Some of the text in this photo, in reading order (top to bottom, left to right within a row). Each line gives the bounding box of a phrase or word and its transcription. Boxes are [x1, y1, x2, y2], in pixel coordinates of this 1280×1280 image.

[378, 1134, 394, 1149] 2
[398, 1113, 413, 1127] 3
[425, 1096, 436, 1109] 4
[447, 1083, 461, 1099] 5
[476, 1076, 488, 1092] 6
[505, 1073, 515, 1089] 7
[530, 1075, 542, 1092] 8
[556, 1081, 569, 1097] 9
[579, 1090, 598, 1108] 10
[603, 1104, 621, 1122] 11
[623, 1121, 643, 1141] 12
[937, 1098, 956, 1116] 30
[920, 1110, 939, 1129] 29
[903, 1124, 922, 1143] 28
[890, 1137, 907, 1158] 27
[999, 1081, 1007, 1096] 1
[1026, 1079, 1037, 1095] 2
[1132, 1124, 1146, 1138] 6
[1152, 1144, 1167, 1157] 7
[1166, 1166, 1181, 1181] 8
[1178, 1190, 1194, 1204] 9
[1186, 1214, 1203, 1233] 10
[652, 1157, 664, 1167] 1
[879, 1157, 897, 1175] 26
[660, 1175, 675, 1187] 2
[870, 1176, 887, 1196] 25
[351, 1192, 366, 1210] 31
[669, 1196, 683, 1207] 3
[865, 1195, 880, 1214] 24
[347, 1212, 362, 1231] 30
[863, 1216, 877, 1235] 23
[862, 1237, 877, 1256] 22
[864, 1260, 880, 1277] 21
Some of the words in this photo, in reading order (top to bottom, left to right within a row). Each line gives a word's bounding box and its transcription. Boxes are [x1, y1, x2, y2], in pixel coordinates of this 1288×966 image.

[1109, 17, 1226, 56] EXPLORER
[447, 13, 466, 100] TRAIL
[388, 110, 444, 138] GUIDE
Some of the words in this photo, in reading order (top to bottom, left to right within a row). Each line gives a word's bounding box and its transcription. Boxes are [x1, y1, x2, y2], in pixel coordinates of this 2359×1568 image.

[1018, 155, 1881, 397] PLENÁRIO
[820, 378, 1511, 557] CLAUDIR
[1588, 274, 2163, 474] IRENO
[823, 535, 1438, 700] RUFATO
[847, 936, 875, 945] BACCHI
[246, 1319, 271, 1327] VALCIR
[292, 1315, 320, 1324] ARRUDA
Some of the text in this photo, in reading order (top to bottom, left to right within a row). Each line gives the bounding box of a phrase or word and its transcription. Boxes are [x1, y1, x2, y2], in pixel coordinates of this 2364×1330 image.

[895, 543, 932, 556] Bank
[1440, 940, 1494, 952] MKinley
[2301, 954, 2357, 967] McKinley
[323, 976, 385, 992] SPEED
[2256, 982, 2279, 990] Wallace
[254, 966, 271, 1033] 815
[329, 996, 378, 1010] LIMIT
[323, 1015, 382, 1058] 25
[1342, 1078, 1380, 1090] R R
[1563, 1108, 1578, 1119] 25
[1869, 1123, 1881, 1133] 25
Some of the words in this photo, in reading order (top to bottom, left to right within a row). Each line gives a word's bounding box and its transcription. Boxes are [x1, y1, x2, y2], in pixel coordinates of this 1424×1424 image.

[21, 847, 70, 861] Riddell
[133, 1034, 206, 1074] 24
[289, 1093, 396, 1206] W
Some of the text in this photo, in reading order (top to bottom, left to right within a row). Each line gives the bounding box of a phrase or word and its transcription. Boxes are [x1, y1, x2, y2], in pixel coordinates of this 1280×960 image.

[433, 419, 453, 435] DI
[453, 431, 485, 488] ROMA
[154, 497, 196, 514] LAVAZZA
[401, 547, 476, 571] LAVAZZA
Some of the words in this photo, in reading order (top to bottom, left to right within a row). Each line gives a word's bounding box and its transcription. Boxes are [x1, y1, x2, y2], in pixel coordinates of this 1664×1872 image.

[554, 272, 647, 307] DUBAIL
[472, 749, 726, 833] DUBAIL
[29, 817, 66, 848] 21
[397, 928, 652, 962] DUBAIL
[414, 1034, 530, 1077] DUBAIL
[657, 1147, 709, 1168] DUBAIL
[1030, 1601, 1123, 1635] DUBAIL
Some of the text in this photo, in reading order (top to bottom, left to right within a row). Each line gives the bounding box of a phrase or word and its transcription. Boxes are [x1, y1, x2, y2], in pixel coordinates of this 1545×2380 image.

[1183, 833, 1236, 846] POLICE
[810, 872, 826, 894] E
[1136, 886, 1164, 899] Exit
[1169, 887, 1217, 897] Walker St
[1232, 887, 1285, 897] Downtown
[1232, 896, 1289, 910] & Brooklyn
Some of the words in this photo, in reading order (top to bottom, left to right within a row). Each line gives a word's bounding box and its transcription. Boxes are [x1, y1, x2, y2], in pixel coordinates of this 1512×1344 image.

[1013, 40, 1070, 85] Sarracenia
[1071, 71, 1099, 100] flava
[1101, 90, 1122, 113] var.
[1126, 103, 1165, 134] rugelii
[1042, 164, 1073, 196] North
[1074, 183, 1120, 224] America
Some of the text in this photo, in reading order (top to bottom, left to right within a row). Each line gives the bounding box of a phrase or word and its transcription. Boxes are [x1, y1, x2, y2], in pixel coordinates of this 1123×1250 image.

Your assignment
Copy every entry above word for word.

Answer to the exercise
Some of the text in this photo, in reading order (top to bottom, left to right within a row). Each line gives the bounding box of a phrase or word and its transcription. Boxes are [x1, y1, x2, y2], in pixel coordinates of this 1280×1280 image.

[378, 1134, 394, 1149] 2
[398, 1113, 413, 1127] 3
[425, 1096, 436, 1109] 4
[447, 1083, 461, 1099] 5
[476, 1076, 488, 1092] 6
[505, 1073, 515, 1089] 7
[530, 1075, 542, 1092] 8
[556, 1081, 569, 1097] 9
[579, 1090, 598, 1108] 10
[603, 1104, 621, 1122] 11
[623, 1121, 643, 1141] 12
[937, 1098, 956, 1116] 30
[920, 1110, 939, 1129] 29
[903, 1124, 922, 1143] 28
[890, 1137, 907, 1158] 27
[999, 1081, 1007, 1096] 1
[1026, 1079, 1037, 1095] 2
[1132, 1124, 1146, 1138] 6
[1152, 1144, 1167, 1157] 7
[1166, 1166, 1181, 1181] 8
[1178, 1190, 1194, 1204] 9
[1186, 1214, 1203, 1233] 10
[652, 1157, 664, 1167] 1
[879, 1157, 897, 1175] 26
[660, 1175, 675, 1187] 2
[870, 1176, 887, 1196] 25
[351, 1192, 366, 1210] 31
[669, 1196, 683, 1207] 3
[865, 1195, 880, 1214] 24
[347, 1212, 362, 1231] 30
[863, 1216, 877, 1235] 23
[862, 1237, 877, 1256] 22
[864, 1260, 880, 1277] 21
Some of the words in this photo, in reading order (top to bottom, left to right within a row). Each line gives a word's bounding box and its transcription. Boxes are [x1, y1, x2, y2], in pixel coordinates of this 1288×966 image.

[1109, 17, 1226, 56] EXPLORER
[447, 13, 466, 100] TRAIL
[388, 110, 444, 138] GUIDE
Some of the words in this photo, in reading order (top to bottom, left to right within a row). Each line gives a word's bounding box and its transcription. Boxes are [x1, y1, x2, y2], in pixel coordinates of this 2359×1568 image.

[1018, 155, 1881, 397] PLENÁRIO
[820, 378, 1511, 557] CLAUDIR
[1588, 274, 2163, 474] IRENO
[823, 535, 1438, 700] RUFATO
[847, 936, 875, 945] BACCHI
[246, 1319, 271, 1327] VALCIR
[292, 1315, 320, 1324] ARRUDA
Some of the text in this photo, in reading order (top to bottom, left to right within a row). Each line gives the bounding box of a phrase or word and its transcription. Boxes are [x1, y1, x2, y2], in pixel coordinates of this 2364×1330 image.

[895, 543, 932, 556] Bank
[1440, 940, 1494, 952] MKinley
[2301, 954, 2357, 967] McKinley
[323, 976, 385, 992] SPEED
[2256, 982, 2279, 990] Wallace
[254, 966, 271, 1033] 815
[329, 996, 378, 1010] LIMIT
[323, 1015, 382, 1058] 25
[1342, 1078, 1380, 1090] R R
[1563, 1108, 1578, 1119] 25
[1869, 1123, 1881, 1133] 25
Some of the words in this photo, in reading order (top to bottom, left to right within a row). Each line gives a word's bounding box and its transcription. Boxes are [x1, y1, x2, y2], in pixel coordinates of this 1424×1424 image.

[21, 847, 70, 861] Riddell
[133, 1034, 206, 1074] 24
[289, 1093, 396, 1206] W
Some of the text in this photo, in reading order (top to bottom, left to right within a row). Each line gives the bounding box of a phrase or word and its transcription. Boxes are [x1, y1, x2, y2], in pixel coordinates of this 1280×960 image.

[433, 419, 453, 435] DI
[453, 431, 485, 488] ROMA
[154, 497, 196, 514] LAVAZZA
[401, 547, 476, 571] LAVAZZA
Some of the words in this photo, in reading order (top to bottom, left to right within a row). Each line gives a word's bounding box and its transcription. Boxes are [x1, y1, x2, y2], in pixel coordinates of this 1664×1872 image.

[554, 272, 647, 307] DUBAIL
[472, 749, 726, 833] DUBAIL
[29, 817, 66, 848] 21
[397, 928, 652, 962] DUBAIL
[414, 1034, 530, 1077] DUBAIL
[657, 1147, 709, 1168] DUBAIL
[1030, 1601, 1123, 1635] DUBAIL
Some of the text in this photo, in reading order (top to bottom, left to right within a row). Each line gives the bounding box of a phrase or word and its transcription. Boxes are [x1, y1, x2, y2], in pixel coordinates of this 1545×2380 image.

[1183, 833, 1236, 846] POLICE
[810, 872, 826, 894] E
[1136, 886, 1164, 899] Exit
[1169, 887, 1217, 897] Walker St
[1232, 887, 1285, 897] Downtown
[1232, 896, 1289, 910] & Brooklyn
Some of the words in this photo, in reading order (top to bottom, left to right within a row). Each line gives a word's bounding box and its transcription. Boxes are [x1, y1, x2, y2], in pixel coordinates of this 1512×1344 image.

[1013, 40, 1070, 85] Sarracenia
[1071, 71, 1099, 100] flava
[1101, 90, 1122, 113] var.
[1126, 103, 1165, 134] rugelii
[1042, 164, 1073, 196] North
[1074, 183, 1120, 224] America
Some of the text in this photo, in reading order (top to bottom, left to right within a row). Each line gives the bounding box of a phrase or word and its transcription. Boxes are [x1, y1, x2, y2], in pixel coordinates of this 1123×1250 image.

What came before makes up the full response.